While I focus on helping you grow great veggies, many of us have, at one point in time, been lured into flower and perennial gardens.  Here are some spring gardening reminders for your flower beds from one vegetable gardener to another:

  1. Prune back your lavender, butterfly bush and hydrangeas. I do and it works. That is the only research I have done on this topic.
  2. Sure, you can dead head if you want, but if the flower stalks are toppled over and pretty much flattened I would use my time to pull out surrounding weeds.
  3. Don’t rake away all the brown plant material and leaves…unless you like weeds.  Then by all means expose that soil and make it look “tidy”.  But leaves = free mulch.  Why not mulch over top of the leaves?  But don’t your plants need air, don’t you need to let the soil breathe and loosen it up?  I don’t know. Are you sure?  Have you googled that?
  4. Eat some random spring plants like:
    1. Autumn Joy Sedum, those little green florets are juicy and tasty in salads.
    2. Sorrel. It’s give me a lemon face every time. It will be big and shoot up flowers sooner than the flea beetles come out.
    3. Dandelions – We’ve all seen enough articles about “Eating your Weeds” by now and this one is always in there.
    4. Ramps – They aren’t up yet….but they will be soon!  Make sure you take all of the wild leeks out of the forest….oh wait….no that’s garlic mustard.
    5. Garlic Mustard – it’s everywhere and actually pretty yummy in salads or steamed.  Take the whole friggin plant out, and all of it’s friends and family near by.  It’s a European Invasive.  I think my partner has called me that before.  
    6. Hosta Shoots – I haven’t done it yet, but Ben Ceasar, now a local celebrity, says you should steam them.
    7. Stinging Nettle –  There must be a Greek God who is based on this plant.  Terrifying but so healthy.  Put on a good pair of gloves (The hazmat gloves that I have are slightly overkill) and harvest the little stingers’ leaves.  Once steamed the sting is gone.  I have made it this far.  I can’t bring myself to eat it without some serious fear and eating that way can’t be good.

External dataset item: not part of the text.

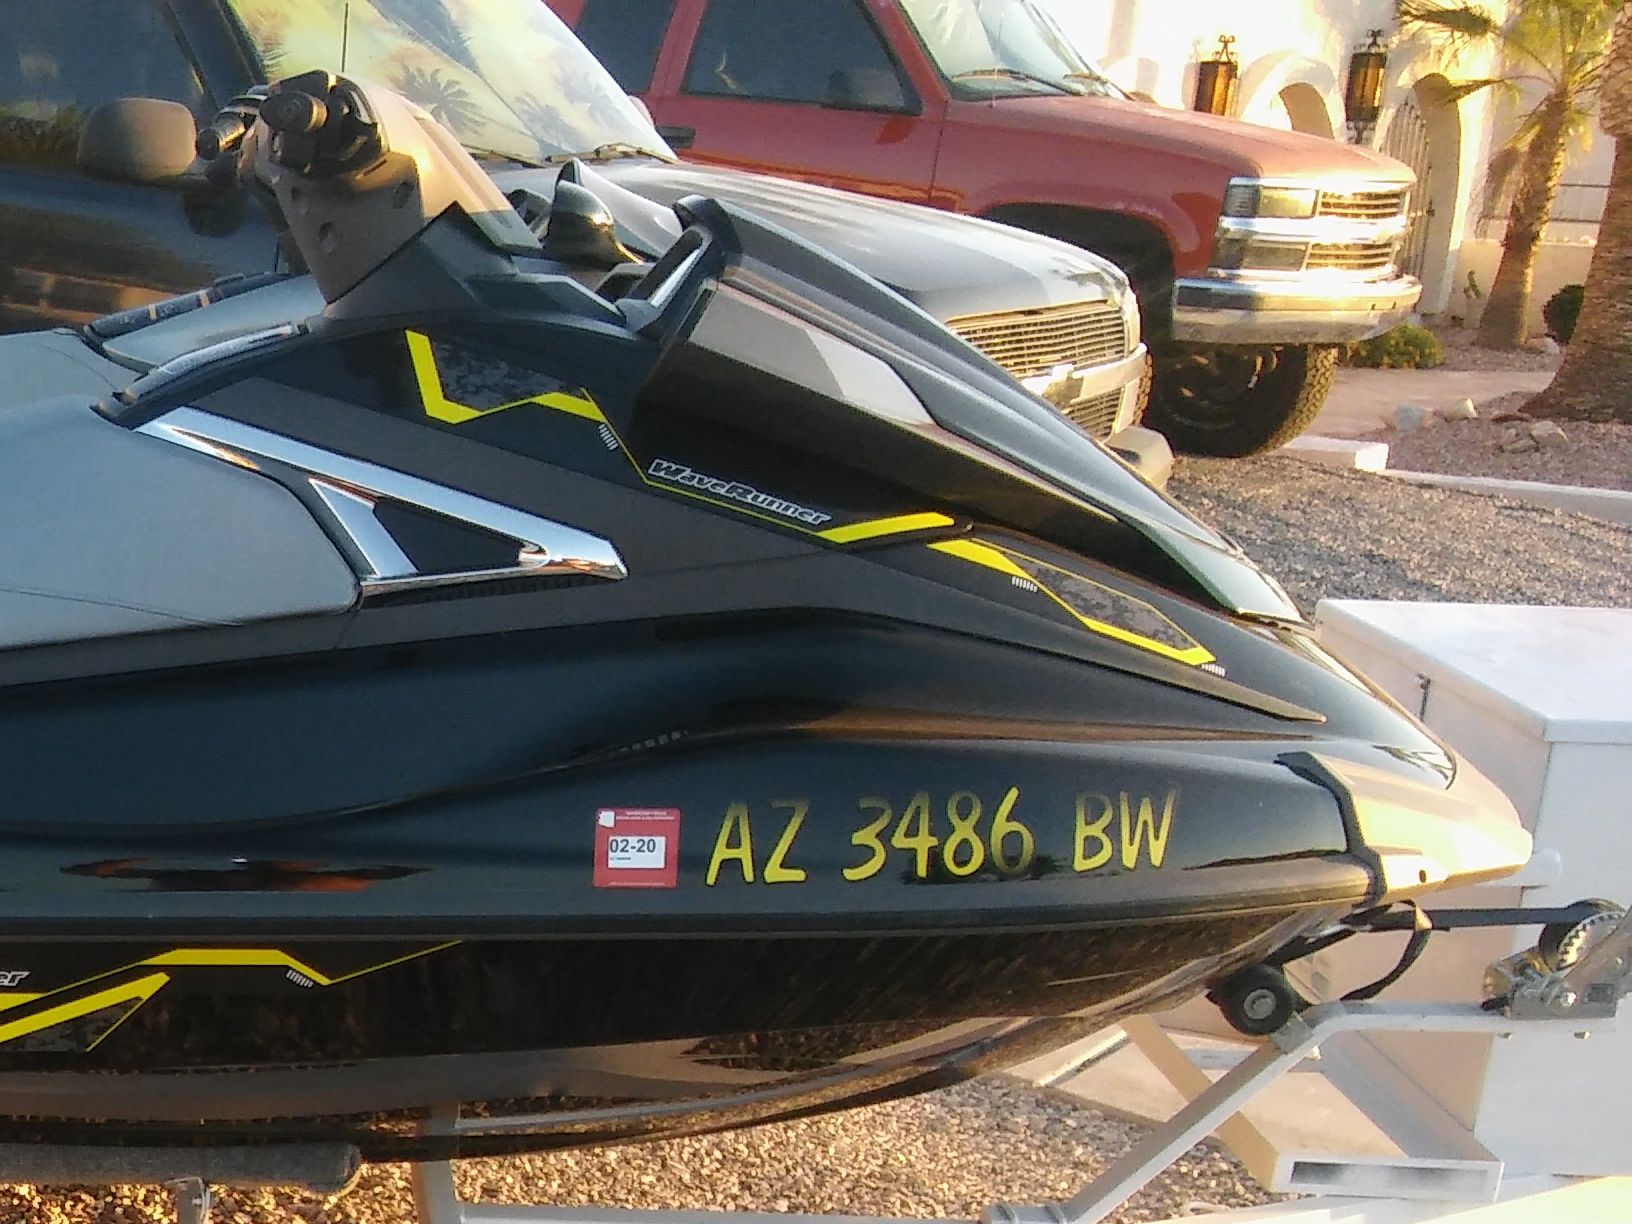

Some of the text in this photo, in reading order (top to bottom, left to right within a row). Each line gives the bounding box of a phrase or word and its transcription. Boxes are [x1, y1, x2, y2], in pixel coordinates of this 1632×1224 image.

[648, 458, 832, 526] WaveRunner
[610, 838, 656, 854] 02-20
[704, 785, 1178, 886] AZ 3486 BW

  5. Hack your shasta daisies and black eyed susans’ into more reasonably sized chunks and either make another couple stands of them (the rule of 3 is handy here), throw them in your neighbour’s garden, or in a pot at the curb with a “free” sign.
  6. Cut back woody Raspberry canes
  7. Smother grass for future garden beds – I’m starting to lay cardboard, scrap plywood, mulch etc. over grass that I want to be a future garden bed or just a pile of mulch.
  8. Prune apple/pear trees.  Well maybe this was best a week or 2 ago but I’ve seen the orchardists doing it still.  There are probably a host of additional fruiting bushes/trees that you could prune at this time also.
  9. Forsythia – These are the beautiful yellow flowering wood shrubs that are spectacular at this time of year. The secret is to prune right after it flowers because it only flowers on new wood.  My neighbours certainly haven’t figured it out, but man are their shasta daisies looking great.
  10. Seed some annuals.  I scattered some poppy seeds.  Because every garden needs opium.